NINOY AQUINO INTERNATIONAL AIRPORT AUTHORITY and


EDUARDO CARRASCOSO , petitioners, vs . COURT OF APPEALS, HON.
LEONARDO M. RIVERA and SALEM INVESTMENT CORPORATION ,
respondents.

The Solicitor General for petitioners.


Arturo S. Santos for private respondent.

SYLLABUS

1. CIVIL LAW; DAMAGES; BREACH OF CONTRACT COMMITTED IN BAD FAITH; AWARD


OF COMPENSATORY DAMAGES AND ATTORNEY'S FEES PROPER IN CASE AT BENCH. —
On the sole issue of the propriety of the award of compensatory damages and attorney's
fees, including costs of suit, . . . we hereby affirm the herein assailed decision of the Court
of Appeals, with the observation, however, that the award of compensatory, damages of
P500.000.00 per annum should be reckoned, not from March 1984 but from February 14,
1991 when private respondent Salem amended its Complaint and therefore prayed for the
issuance of the building permit to construct the proposed hotel envisioned under the lease
contract. . . Petitioners' refusal to issue the building permit to allow Salem to construct the
air freight offices and/or the proposed hotel, however is not as innocent as they wish it to
appear. . . What is undeniable from the nexus of circumstances surrounding the
unwarranted, arbitrary and defiant refusal of petitioners to perform their obligations under
the lease contract, is that such refusal is patently ill-motivated and grossly tainted with
malice and bad faith. "For, 'bad faith' contemplates a 'state of mind affirmatively operating
with furtive design or with some motive of self-interest or ill will or for ulterior purpose."
Petitioners, willfully oblivious to the obvious — that the additional fees and charges sought
to be collected from Salem, were not contained in the subsisting lease contract — and the
learned directive of the Office of the Government Corporate Counsel — that the lease
contract is the law between the parties — consciously chose to harass and coerce private
respondent Salem into accepting the increased rental charges in exchange for the
issuance of the building permits.
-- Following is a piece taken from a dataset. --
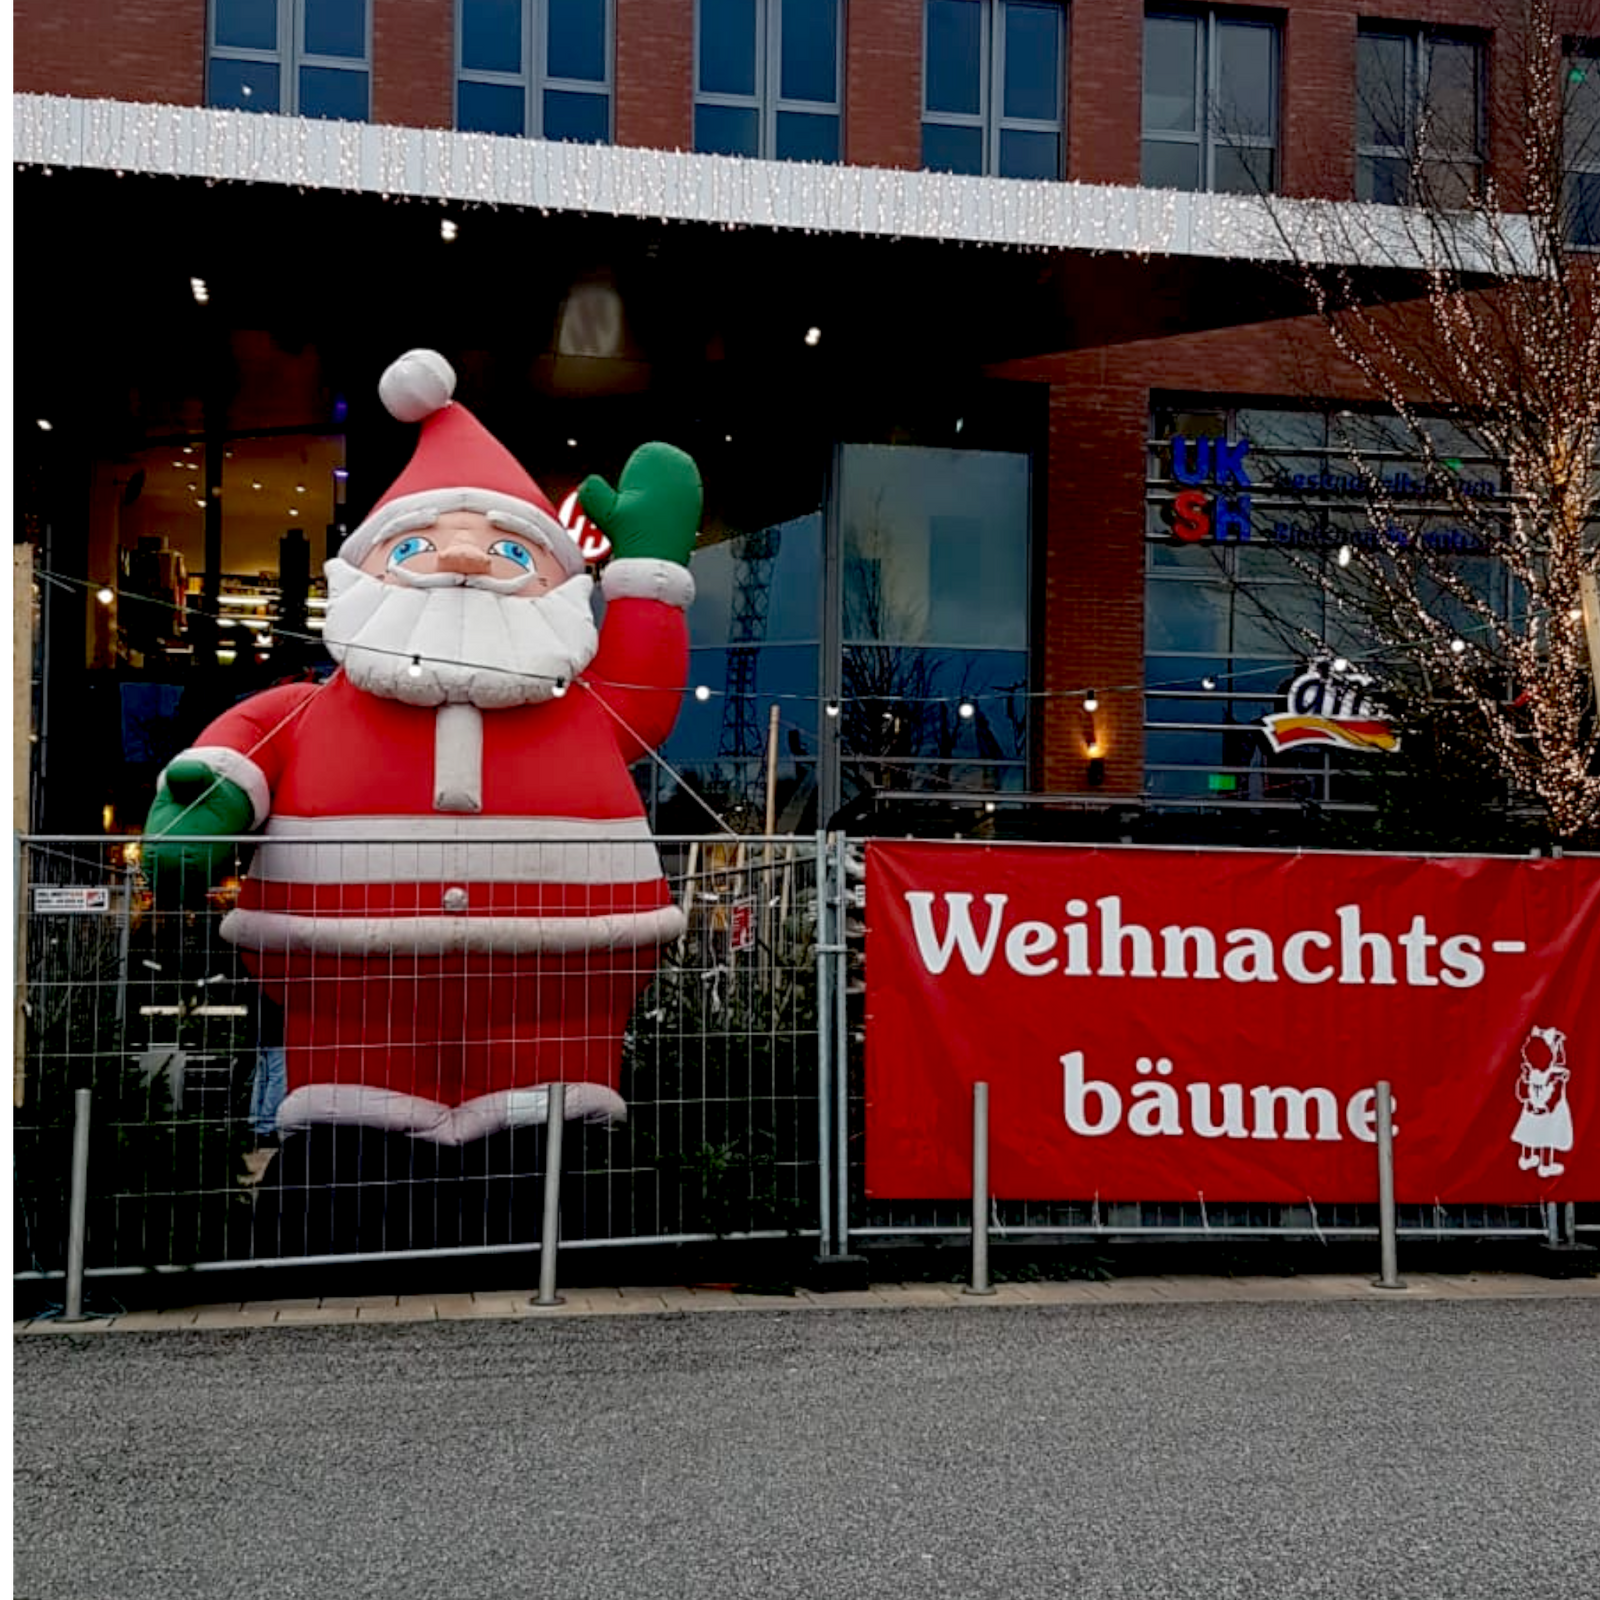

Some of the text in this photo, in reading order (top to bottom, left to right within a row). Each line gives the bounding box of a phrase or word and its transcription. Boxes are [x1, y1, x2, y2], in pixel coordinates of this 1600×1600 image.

[1170, 434, 1251, 487] UK
[1170, 488, 1251, 542] SH
[904, 890, 1527, 989] Weihnachts-
[1059, 1050, 1400, 1144] bäume
Put simply, the plan of petitioners was to blackmail
private respondent Salem, and so petitioners must now answer for their malevolent
scheme.
2. ID.; ID.; ID.; ID.; AWARD OF P200,000.00 ATTORNEY'S FEES REASONABLE IN CASE
AT BENCH. — Petitioners contend that the award of attorney's fees in the amount of
P200,000.00 is excessive. We disagree. In the first place, it is the trial court that is
principally tasked with fixing such amount. Secondly, the facts and circumstances in the
instant case point to the reasonableness of the amount fixed by the trial court. Lastly, in
view of the pecuniary considerations at stake in the instant controversy, the voluminous
pleadings filed by private respondent Salem's counsel in the trial court, the Court of
Appeals and in this court, and the nature and importance of the litigation involved herein,
we find sufficient basis for the determination by the trial court of the award of attorney's
fees in the amount of P200,000.00.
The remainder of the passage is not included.